I visited Muammar al-Qaddafi's compound in Tripoli just over ten years ago when the one of the two Lockerbie bombers, Abdelbaset al-Megrahi was sentenced to life imprisonment  and  Lamin Khalifah Fhima was found not guilty, acquitted of 270 counts of murder in the Pan Am flight 103 bombing trial held in the Netherlands and sent home to Libya.

Minders picked us up at the airport escorted us to the hotel and kept us there revealing no details of where we would go. We found ourselves at the arrival of Lockerbie bomber Fhima. We scrambled over each other to get pictures and sound, a typical journalist scrum.

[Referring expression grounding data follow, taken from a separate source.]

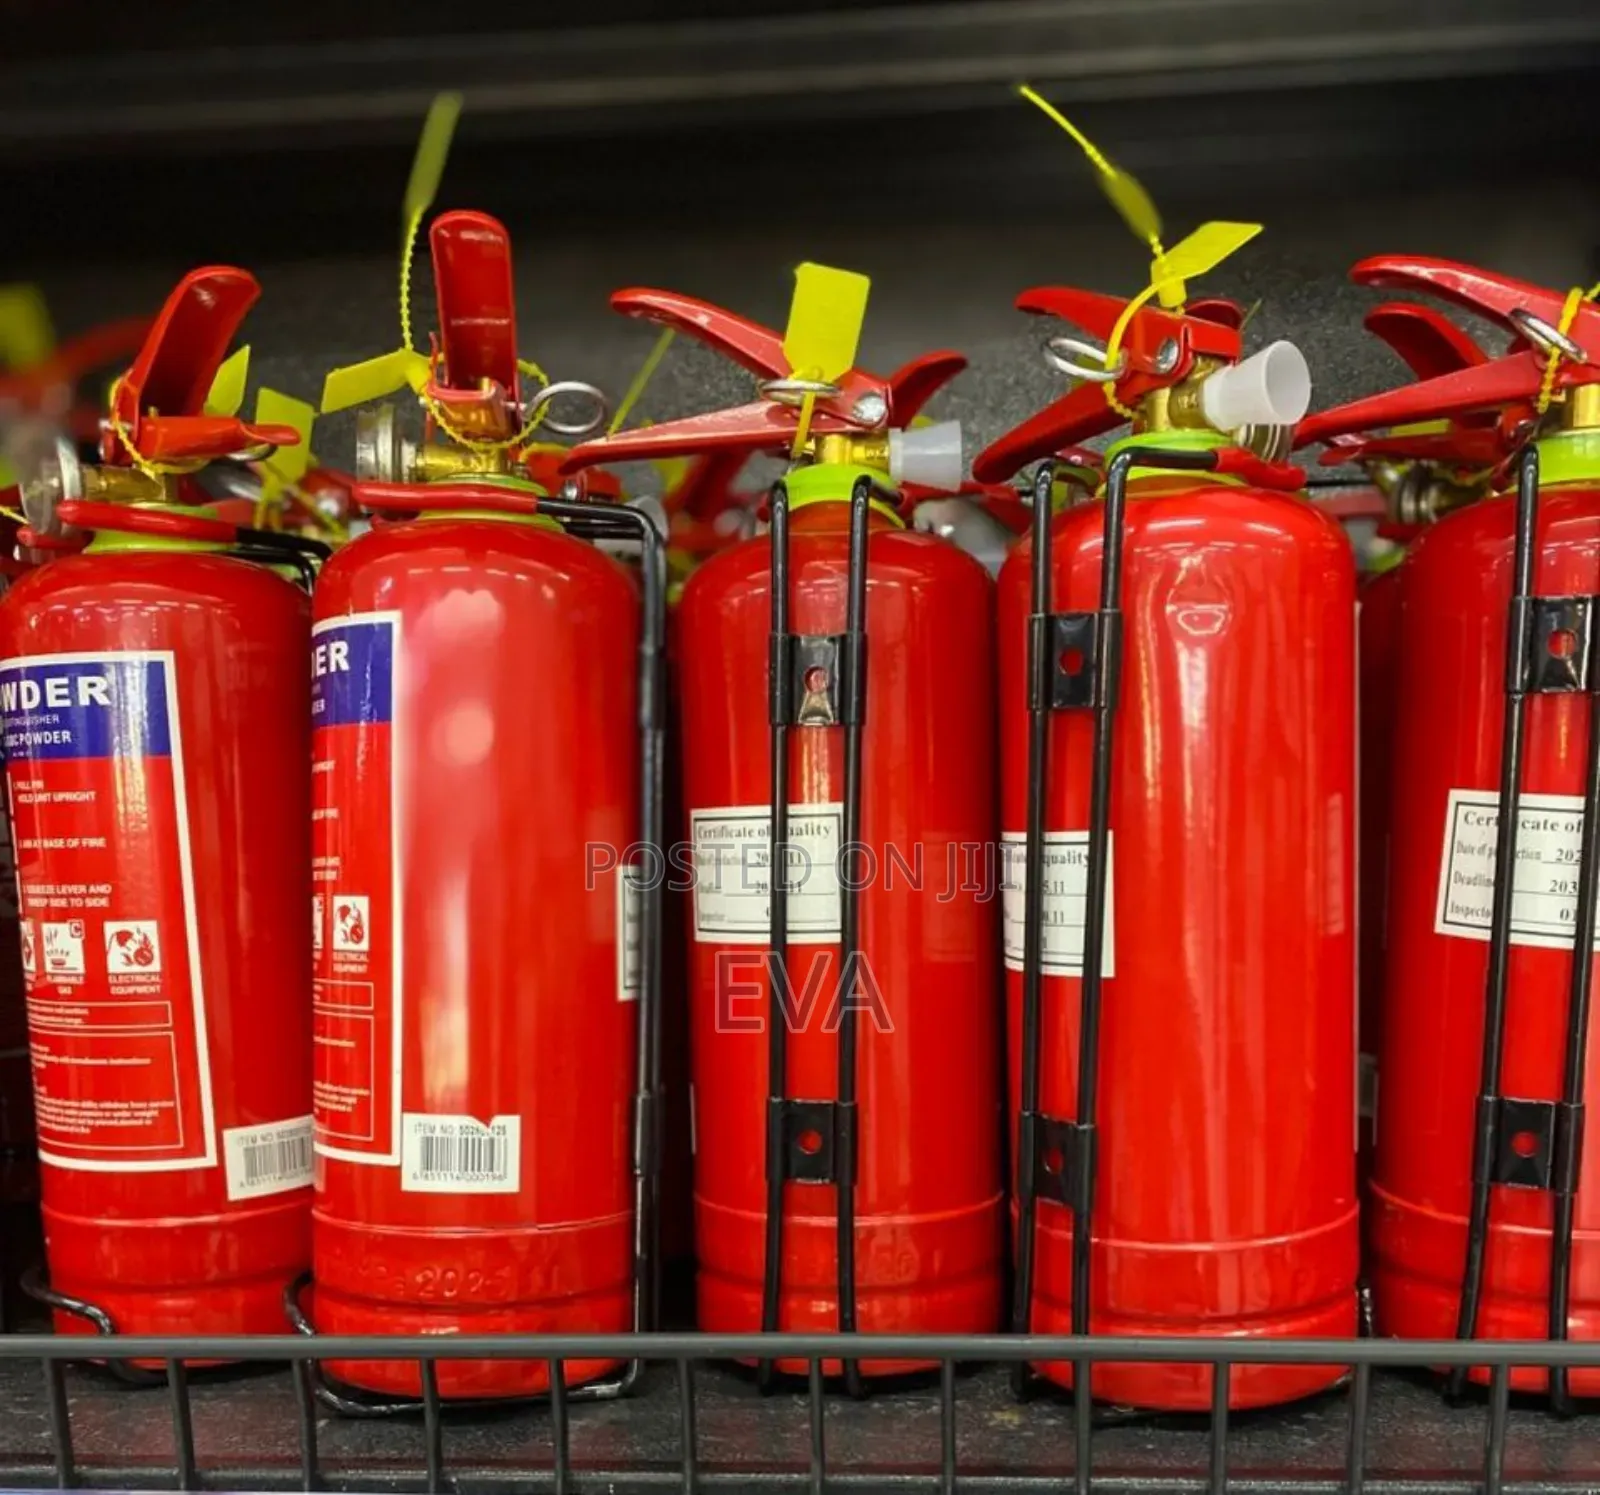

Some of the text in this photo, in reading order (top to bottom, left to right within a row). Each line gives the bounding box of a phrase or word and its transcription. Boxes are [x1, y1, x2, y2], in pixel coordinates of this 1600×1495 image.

[312, 641, 350, 677] ER
[19, 730, 72, 746] POWDER
[66, 838, 80, 848] OF
[88, 884, 112, 894] AND
[70, 897, 84, 907] TO
[108, 974, 162, 984] ELECTRICAL
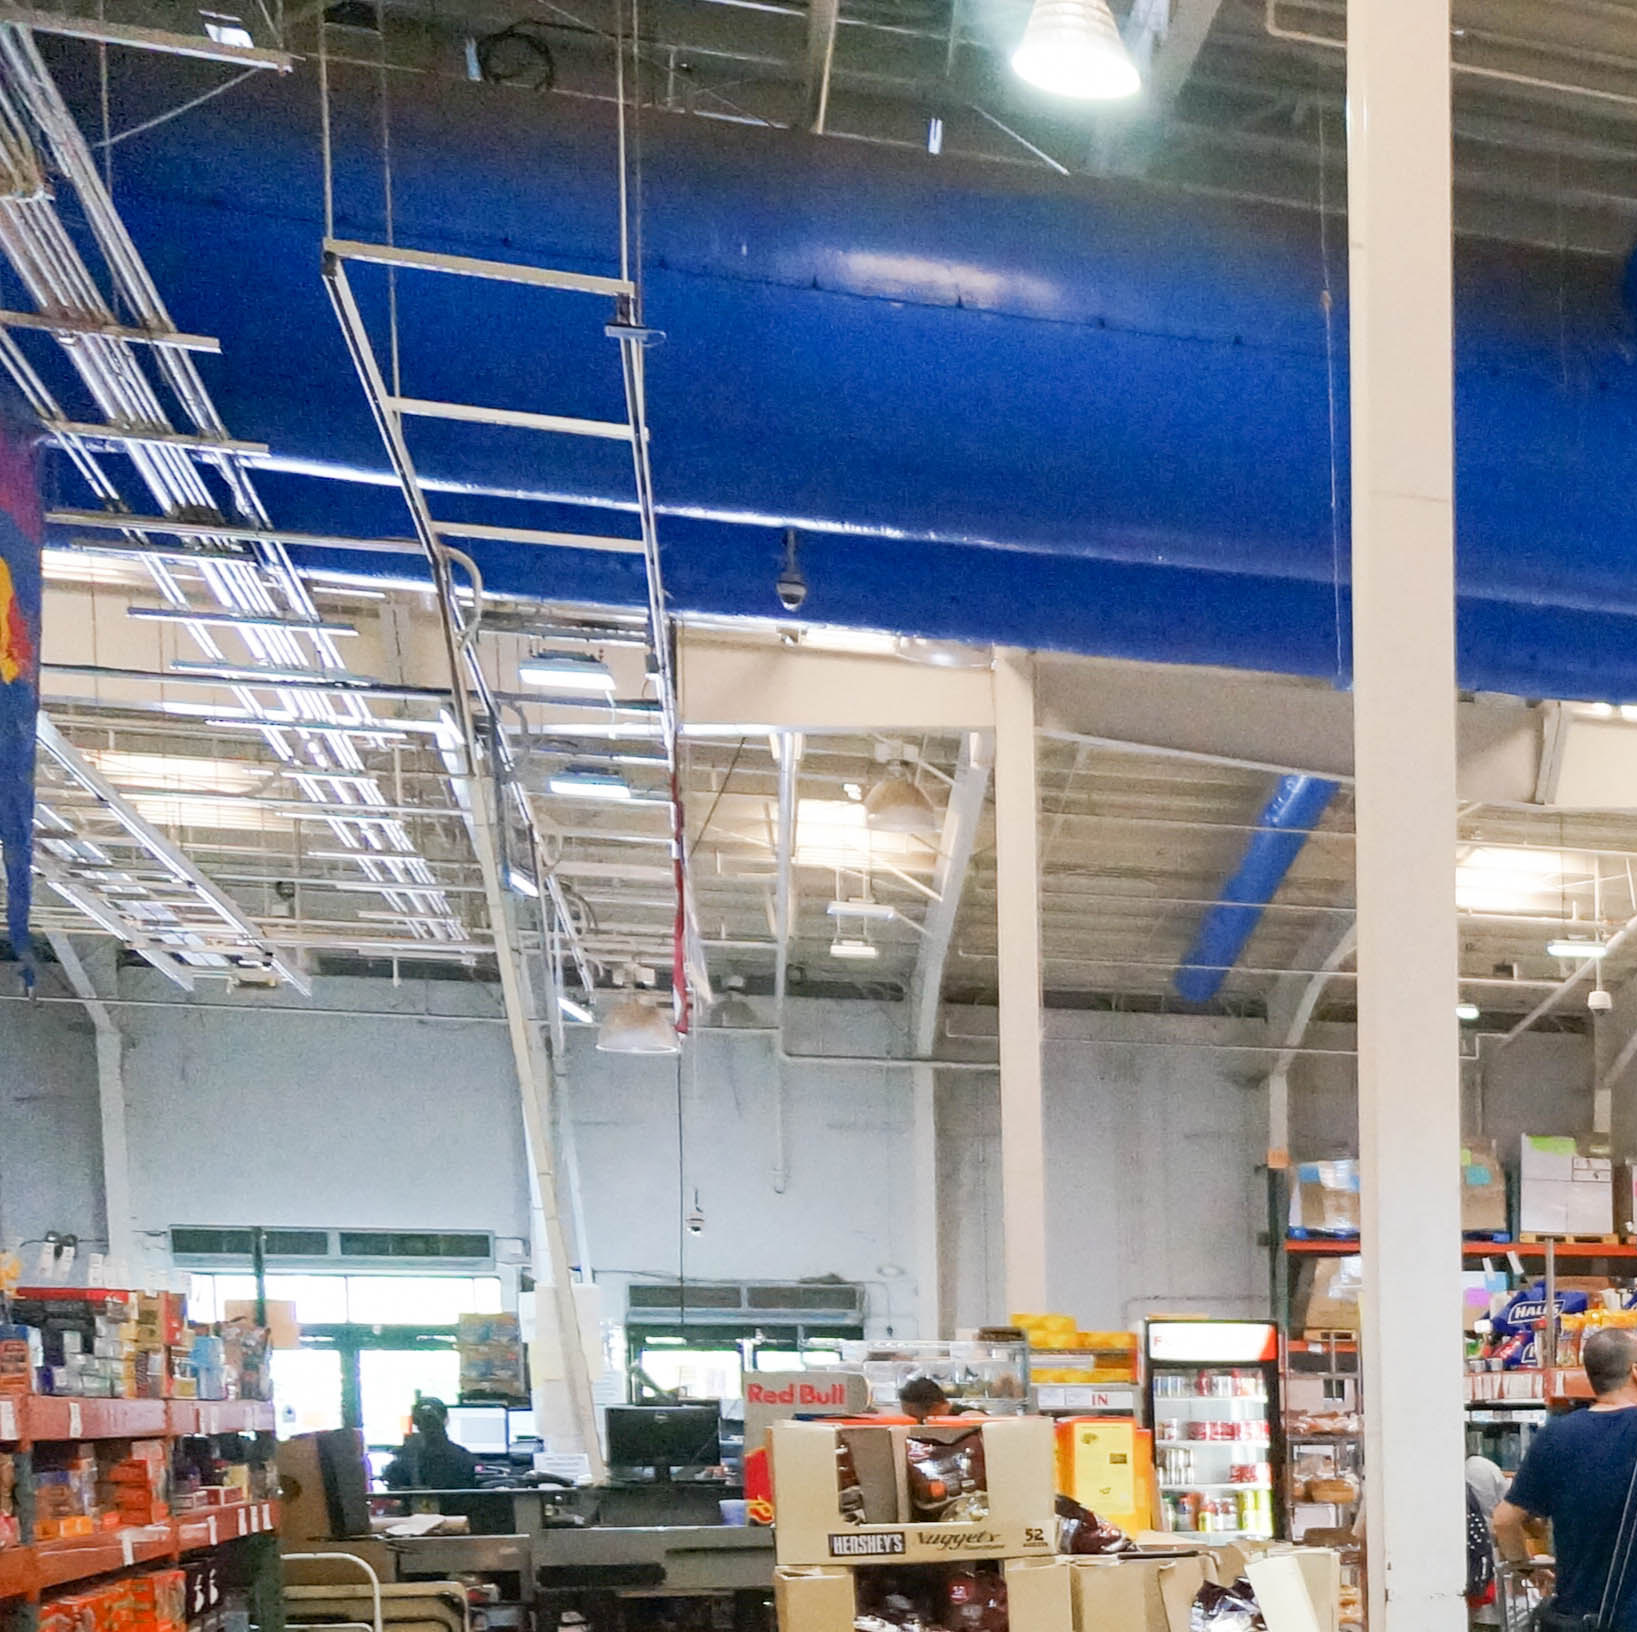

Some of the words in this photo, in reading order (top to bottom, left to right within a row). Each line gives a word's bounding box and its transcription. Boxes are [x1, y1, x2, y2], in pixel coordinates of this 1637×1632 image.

[1514, 1304, 1564, 1319] HALS
[747, 1383, 794, 1406] Red
[798, 1383, 845, 1406] Bull
[1091, 1393, 1110, 1407] IN
[832, 1534, 904, 1555] HERSHEY'S
[1024, 1527, 1044, 1542] 52

Back on our Press bus the minders scold us, if we didn't behave they told us we would not visit the "Great Leader". Then we realized we were pulling into his compound and Colonel Qaddafi was there in a small crowd of security hugging his new hero who looked slightly cowed. We scrambled over each other forming another tight scrum. With one hand around the acquitted bomber, al-Qaddafi would throw another hand out to point to a part of his compound and the tight circle of Journalists would lurch and sway snapping and filming away.

A few days later, The Great Leader ordered a protest. Buses of schoolchildren were let out to line up, march and chant around Green Square. Some young schoolgirls were particularly enthusiastic and had hoisted a classmate in green army fatigues on their shoulders. She was leading a vigorous call and response. One of the little girls in a white headscarf asked me in a thin high voice in English, "Where are you from?" I looked around saw no one in earshot and leaned down whispering to the little girls, "America".

"Oh America good, good" many of them responded with big smiles giving me the thumbs up. I shushed them and smiled, it clearly wasn't want authorities had put them in the square to say.

Meanwhile ten years on here in the Libyan desert, rebel forces stage in defensive and offensive positions manning checkpoints saying they'll fight until al-Qaddafi goes.